In recent years, the Pentagon has invested heavily, with mixed results, in ballistic missile defense: preparations to shoot down long-range rockets that touch the edge of space and then fall toward targets on Earth. Experts say North Korea and Iran are the countries most likely to strike the U.S. or its allies with such missiles, although neither arsenal has missiles of sufficient range so far.

 

But the effort to defend the U.S. mainland against smaller, shorter-range cruise missiles has gone largely unnoticed.
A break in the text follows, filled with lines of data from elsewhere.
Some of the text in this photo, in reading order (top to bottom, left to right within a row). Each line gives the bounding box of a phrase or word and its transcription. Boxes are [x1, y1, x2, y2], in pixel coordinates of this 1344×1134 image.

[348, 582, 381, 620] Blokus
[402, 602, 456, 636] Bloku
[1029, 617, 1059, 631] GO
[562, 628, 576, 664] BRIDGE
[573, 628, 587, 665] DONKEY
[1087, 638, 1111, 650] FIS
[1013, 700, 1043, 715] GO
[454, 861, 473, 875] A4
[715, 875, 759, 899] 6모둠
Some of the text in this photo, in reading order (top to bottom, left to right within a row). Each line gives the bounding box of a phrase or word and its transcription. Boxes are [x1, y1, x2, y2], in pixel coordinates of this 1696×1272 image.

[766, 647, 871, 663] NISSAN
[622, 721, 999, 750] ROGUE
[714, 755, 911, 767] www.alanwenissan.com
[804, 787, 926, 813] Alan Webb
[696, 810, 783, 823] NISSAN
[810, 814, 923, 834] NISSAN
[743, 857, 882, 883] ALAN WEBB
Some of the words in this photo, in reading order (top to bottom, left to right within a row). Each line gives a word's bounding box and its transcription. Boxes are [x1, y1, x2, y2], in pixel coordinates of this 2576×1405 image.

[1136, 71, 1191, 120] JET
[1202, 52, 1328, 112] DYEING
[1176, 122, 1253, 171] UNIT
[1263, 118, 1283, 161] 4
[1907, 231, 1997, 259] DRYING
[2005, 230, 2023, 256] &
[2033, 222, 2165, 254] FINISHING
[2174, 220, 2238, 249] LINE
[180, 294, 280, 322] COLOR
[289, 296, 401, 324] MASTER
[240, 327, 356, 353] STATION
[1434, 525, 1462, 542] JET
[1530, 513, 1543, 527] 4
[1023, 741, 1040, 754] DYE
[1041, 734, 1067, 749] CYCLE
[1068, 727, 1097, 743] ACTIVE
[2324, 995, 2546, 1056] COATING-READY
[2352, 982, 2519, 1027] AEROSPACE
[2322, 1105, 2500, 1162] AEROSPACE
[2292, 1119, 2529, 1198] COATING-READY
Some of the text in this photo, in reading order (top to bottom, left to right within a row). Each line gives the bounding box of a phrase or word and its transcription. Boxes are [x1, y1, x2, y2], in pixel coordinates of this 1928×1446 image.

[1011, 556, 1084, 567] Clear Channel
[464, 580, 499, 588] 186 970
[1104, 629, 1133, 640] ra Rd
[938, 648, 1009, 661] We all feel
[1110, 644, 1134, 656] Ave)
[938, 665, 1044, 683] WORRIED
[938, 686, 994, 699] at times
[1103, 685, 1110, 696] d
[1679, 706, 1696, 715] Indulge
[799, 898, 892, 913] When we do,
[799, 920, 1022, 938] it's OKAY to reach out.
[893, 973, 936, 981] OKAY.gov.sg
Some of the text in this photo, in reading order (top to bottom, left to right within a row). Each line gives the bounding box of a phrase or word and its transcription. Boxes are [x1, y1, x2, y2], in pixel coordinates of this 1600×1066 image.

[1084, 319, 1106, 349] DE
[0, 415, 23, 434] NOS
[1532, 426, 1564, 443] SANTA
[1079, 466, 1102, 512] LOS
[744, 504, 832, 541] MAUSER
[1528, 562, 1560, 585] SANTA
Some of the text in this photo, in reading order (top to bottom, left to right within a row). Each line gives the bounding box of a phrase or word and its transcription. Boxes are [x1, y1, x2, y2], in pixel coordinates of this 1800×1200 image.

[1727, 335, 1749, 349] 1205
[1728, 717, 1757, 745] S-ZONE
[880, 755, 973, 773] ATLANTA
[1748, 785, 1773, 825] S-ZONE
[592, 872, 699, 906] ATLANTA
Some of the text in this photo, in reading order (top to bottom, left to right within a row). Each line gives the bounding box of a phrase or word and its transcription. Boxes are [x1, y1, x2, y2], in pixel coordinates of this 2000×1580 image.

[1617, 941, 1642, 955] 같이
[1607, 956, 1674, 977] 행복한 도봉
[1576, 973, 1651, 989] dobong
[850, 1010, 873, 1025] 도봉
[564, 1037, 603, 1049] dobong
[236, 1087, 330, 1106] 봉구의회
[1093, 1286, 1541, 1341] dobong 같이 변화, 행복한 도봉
“While ballistic missile defense has now become established as a key military capability, the corresponding counters to cruise missiles have been prioritized far more slowly,” said Thomas Karako, a senior fellow at the Center for Strategic and International Studies, in Washington. “In some ways, this is understandable, in terms of the complexity of the threat, but sophisticated cruise missile technologies now out there are just not going away and we are going to have to find a way to deal with this — for the homeland, for allies and partners abroad, and for regional combatant commanders.”

Intercepting cruise missiles is far different from shooting down a missile of the ballistic variety. Launched by ships, submarines, or even trailer-mounted launchers, cruise missiles are powered throughout their entire flight. This allows them to fly close to the ground and maneuver throughout flight, making them difficult for radar to spot.

“A handful of senior military officials, including several current or past NORTHCOM commanders, have been among those quietly dinging the bell about cruise missile threats, and it’s beginning to be heard,” Karako said.

While many of the combatant commanders — the 4-star generals and admirals who command forces in various geographic regions of the world — believe cruise missiles pose a threat to the United States, they have had trouble convincing their counterparts in the military services who decide what arms to buy.

Fast-track requests like Gortney’s demand for new radars on F-16s have been used over the past decade to quickly get equipment to troops on the battlefield. Other urgent operational needs have included putting a laser seeker on a Maverick missile to strike fast-moving vehicles and to buy tens of thousands of MRAP vehicles that were rushed to Iraq to protect soldiers from roadside bomb attacks.

Last August, at a missile defense conference in Huntsville, Ala., then-NORTHCOM and NORAD commander Gen. Charles Jacoby criticized the Army and other services for failing to fund cruise missile defense projects. NORTHCOM, based in Colorado, is responsible for defending the United States from such attacks.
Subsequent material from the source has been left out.